After the introduction of Cormac Guffin, however – by way of a brilliant transition – the visual treatment suddenly changes. The paneling is still pretty formal, but whether the compositions are horizontal, vertical or both, the vast majority are drenched in neon purple or bright red, casting an eerie pall over the characters.

Narratively, there’s a lot to digest. Not only is it too much to describe, it’s virtually impossible to know what’s an actual spoiler and what isn’t. Could it be Joe spilling her pills? Lady Pendermills’ funky outfit? Mary Lou’s overly eager sexual advances? Surely it has something to do with the off-kilter, peppermint candy-like swirl that keeps popping up on everything from the town’s welcome sign to the seemingly infinite supply milk cartons.

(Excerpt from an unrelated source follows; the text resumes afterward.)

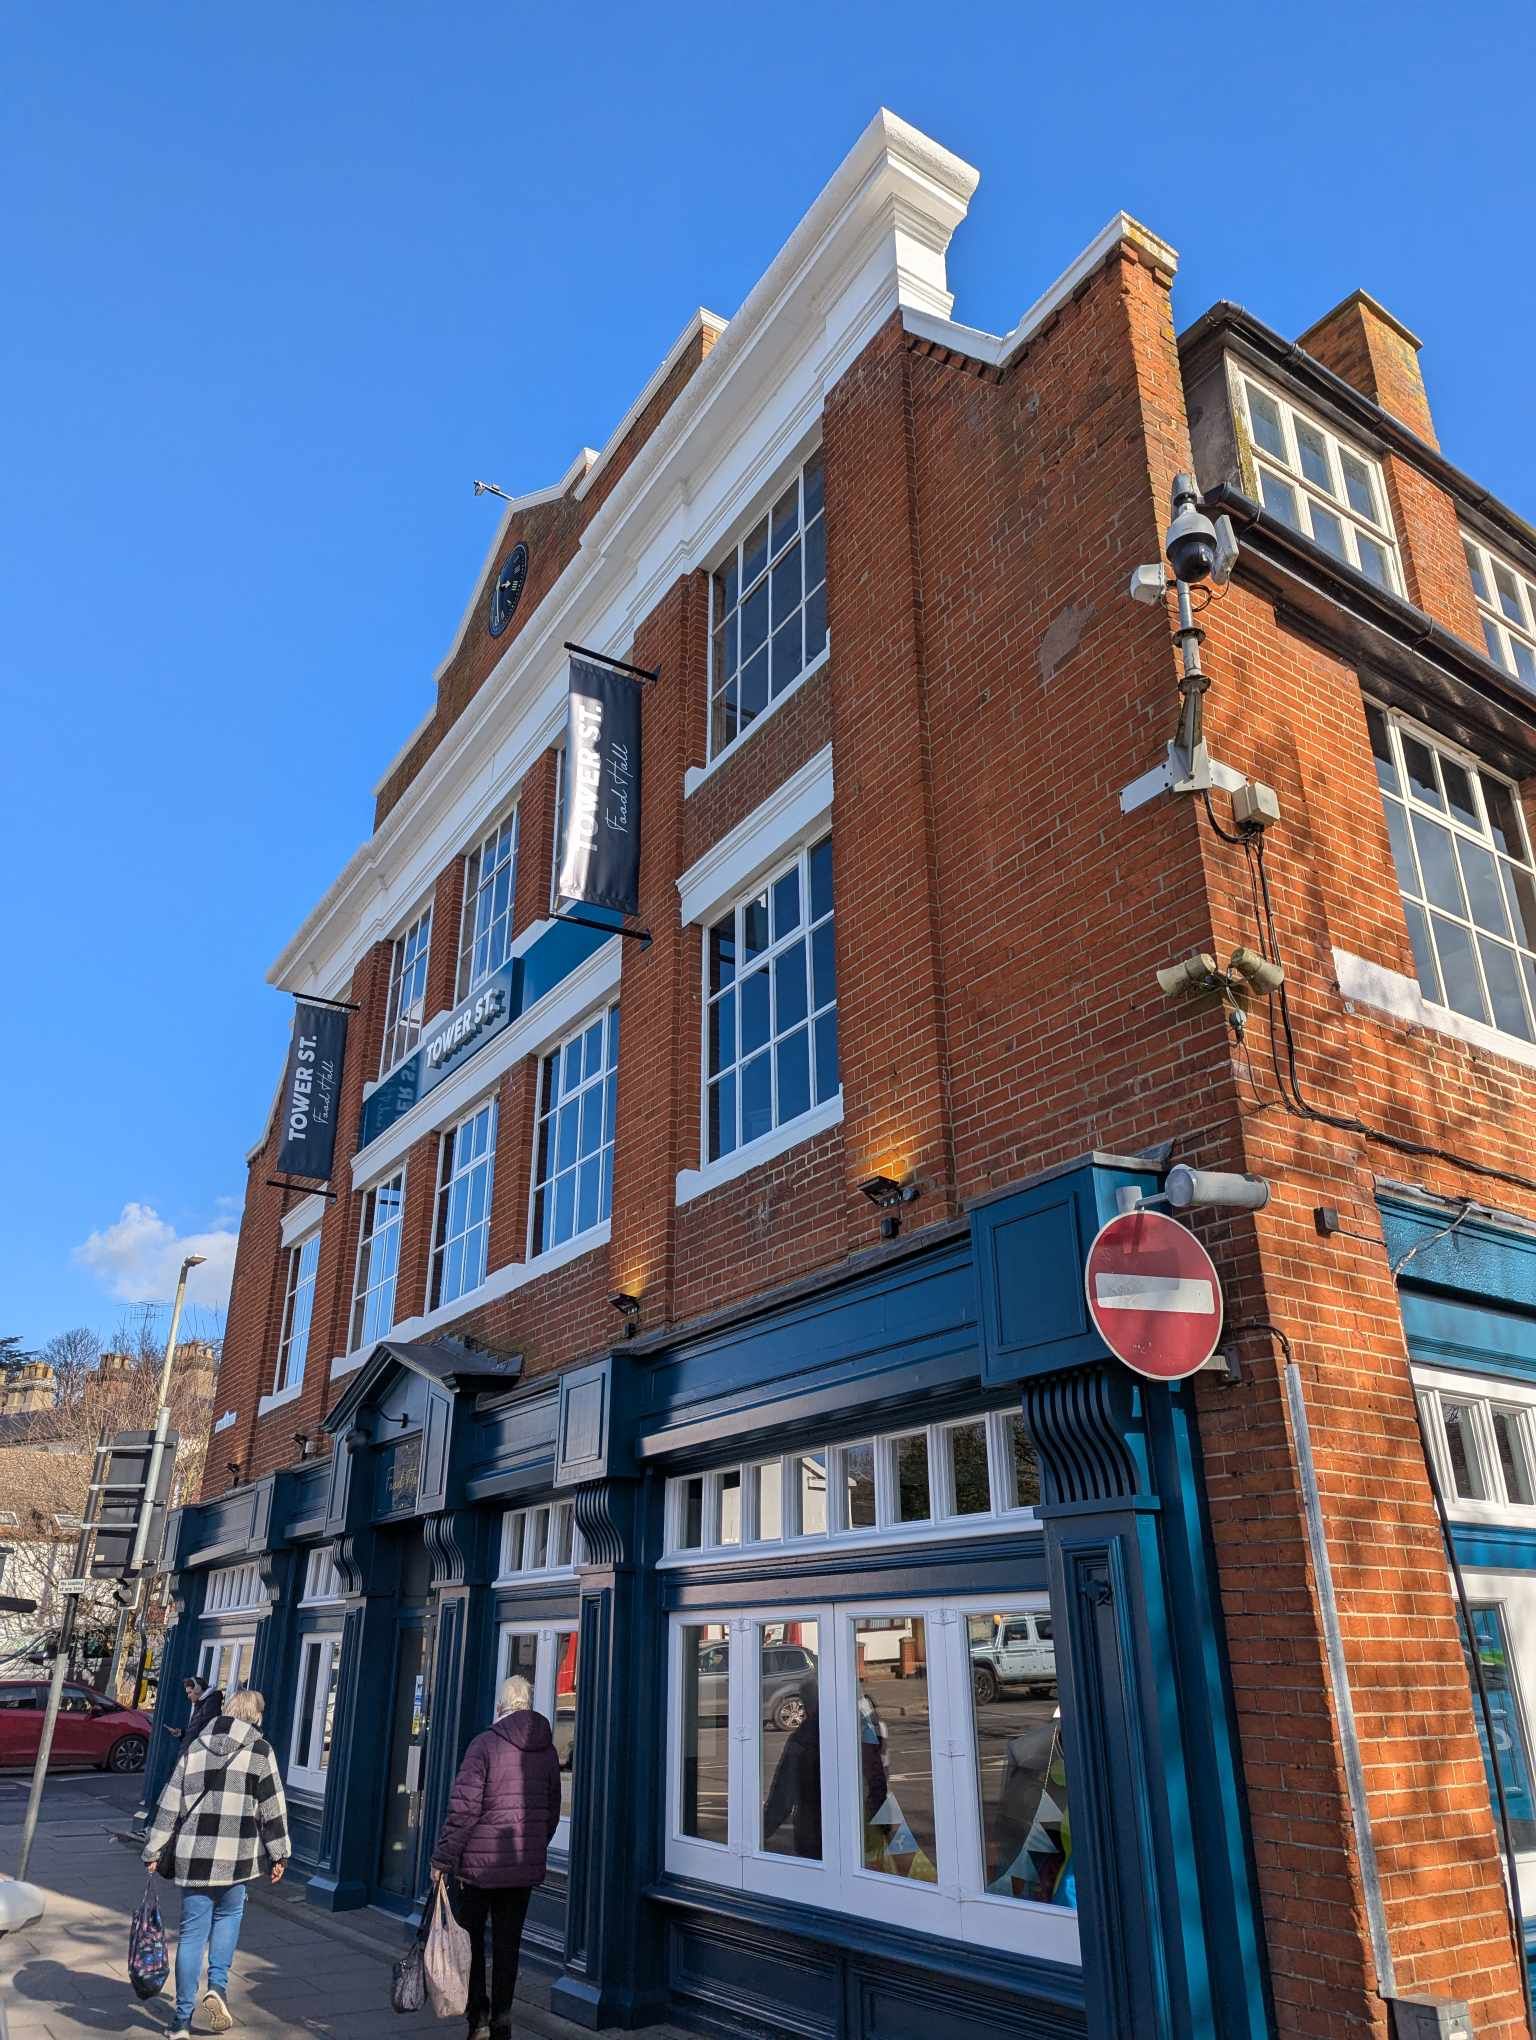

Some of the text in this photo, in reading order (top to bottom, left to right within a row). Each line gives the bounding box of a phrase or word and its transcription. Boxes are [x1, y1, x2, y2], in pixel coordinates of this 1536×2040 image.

“Dead Dog’s Bite” has been described as Twin Peaks meets Lady Bird. That doesn’t seem far off, but there are also plenty of Twilight Zone and Hitchcockian elements – beyond the MacGuffin reference.

In a pre-publication press release Boss said he hoped his readers would find themselves trying to solve the mystery before the series is over. That’s a big part of what made “Twin Peaks” such a buzzed-about show. After every episode you were forced to rework your theory to account for even the tiniest new clue. Every viewer was on equal footing. Nobody really knew where the story was headed – or even what the real story was – but week after week you tried. You argued, you debated and you took best guess. Only to miss the mark and do it all over again.

Tyler Boss’s debut script evokes much of the same feeling. From the narrator’s blunt, tangential telling of “Little Red Riding Hood” to the book’s highly evocative, poetic ending, there are stories within stories within stories. It’s a book that unfolds moment by moment, like beads stacking on a string. It’s not a fluid, continuous process, but each bead is captivating. You can try to see the whole picture, or simply appreciate each piece as it comes. Some won’t amount to much, but they’re well worth savoring.

Final Verdict: 8.4 “Dead Dog’s Bite” #1 isn’t a breezy read, but creator Tyler Boss puts it all out there and accomplishes everything he set out to do.